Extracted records

____

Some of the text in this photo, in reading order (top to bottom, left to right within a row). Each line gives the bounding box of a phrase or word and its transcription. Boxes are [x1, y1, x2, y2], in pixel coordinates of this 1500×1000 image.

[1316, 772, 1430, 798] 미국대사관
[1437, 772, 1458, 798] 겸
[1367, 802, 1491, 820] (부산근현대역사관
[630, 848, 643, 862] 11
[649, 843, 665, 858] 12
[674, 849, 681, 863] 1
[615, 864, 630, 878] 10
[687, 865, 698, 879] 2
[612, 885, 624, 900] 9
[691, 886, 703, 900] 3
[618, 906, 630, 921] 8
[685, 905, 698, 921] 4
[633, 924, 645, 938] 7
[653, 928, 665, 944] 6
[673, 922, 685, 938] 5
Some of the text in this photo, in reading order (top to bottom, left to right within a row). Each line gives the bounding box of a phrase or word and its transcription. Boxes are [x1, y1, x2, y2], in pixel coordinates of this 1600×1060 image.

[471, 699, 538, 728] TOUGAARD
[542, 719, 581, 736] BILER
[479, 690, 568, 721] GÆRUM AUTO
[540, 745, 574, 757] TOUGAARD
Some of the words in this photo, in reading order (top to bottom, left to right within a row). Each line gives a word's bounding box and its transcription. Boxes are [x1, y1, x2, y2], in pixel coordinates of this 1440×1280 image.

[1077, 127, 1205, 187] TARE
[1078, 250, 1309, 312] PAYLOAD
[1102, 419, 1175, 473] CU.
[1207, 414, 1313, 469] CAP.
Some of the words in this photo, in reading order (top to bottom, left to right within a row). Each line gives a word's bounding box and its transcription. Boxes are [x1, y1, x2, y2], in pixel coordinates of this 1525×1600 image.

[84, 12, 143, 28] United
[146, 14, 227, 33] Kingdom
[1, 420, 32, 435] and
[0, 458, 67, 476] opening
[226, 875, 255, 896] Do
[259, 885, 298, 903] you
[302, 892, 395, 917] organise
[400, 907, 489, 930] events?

____

**ACTIVITY**: Copy out the records once more, with nothing altered.

**RESPONSE**:
Some of the text in this photo, in reading order (top to bottom, left to right within a row). Each line gives the bounding box of a phrase or word and its transcription. Boxes are [x1, y1, x2, y2], in pixel coordinates of this 1500×1000 image.

[1316, 772, 1430, 798] 미국대사관
[1437, 772, 1458, 798] 겸
[1367, 802, 1491, 820] (부산근현대역사관
[630, 848, 643, 862] 11
[649, 843, 665, 858] 12
[674, 849, 681, 863] 1
[615, 864, 630, 878] 10
[687, 865, 698, 879] 2
[612, 885, 624, 900] 9
[691, 886, 703, 900] 3
[618, 906, 630, 921] 8
[685, 905, 698, 921] 4
[633, 924, 645, 938] 7
[653, 928, 665, 944] 6
[673, 922, 685, 938] 5
Some of the text in this photo, in reading order (top to bottom, left to right within a row). Each line gives the bounding box of a phrase or word and its transcription. Boxes are [x1, y1, x2, y2], in pixel coordinates of this 1600×1060 image.

[471, 699, 538, 728] TOUGAARD
[542, 719, 581, 736] BILER
[479, 690, 568, 721] GÆRUM AUTO
[540, 745, 574, 757] TOUGAARD
Some of the words in this photo, in reading order (top to bottom, left to right within a row). Each line gives a word's bounding box and its transcription. Boxes are [x1, y1, x2, y2], in pixel coordinates of this 1440×1280 image.

[1077, 127, 1205, 187] TARE
[1078, 250, 1309, 312] PAYLOAD
[1102, 419, 1175, 473] CU.
[1207, 414, 1313, 469] CAP.
Some of the words in this photo, in reading order (top to bottom, left to right within a row). Each line gives a word's bounding box and its transcription. Boxes are [x1, y1, x2, y2], in pixel coordinates of this 1525×1600 image.

[84, 12, 143, 28] United
[146, 14, 227, 33] Kingdom
[1, 420, 32, 435] and
[0, 458, 67, 476] opening
[226, 875, 255, 896] Do
[259, 885, 298, 903] you
[302, 892, 395, 917] organise
[400, 907, 489, 930] events?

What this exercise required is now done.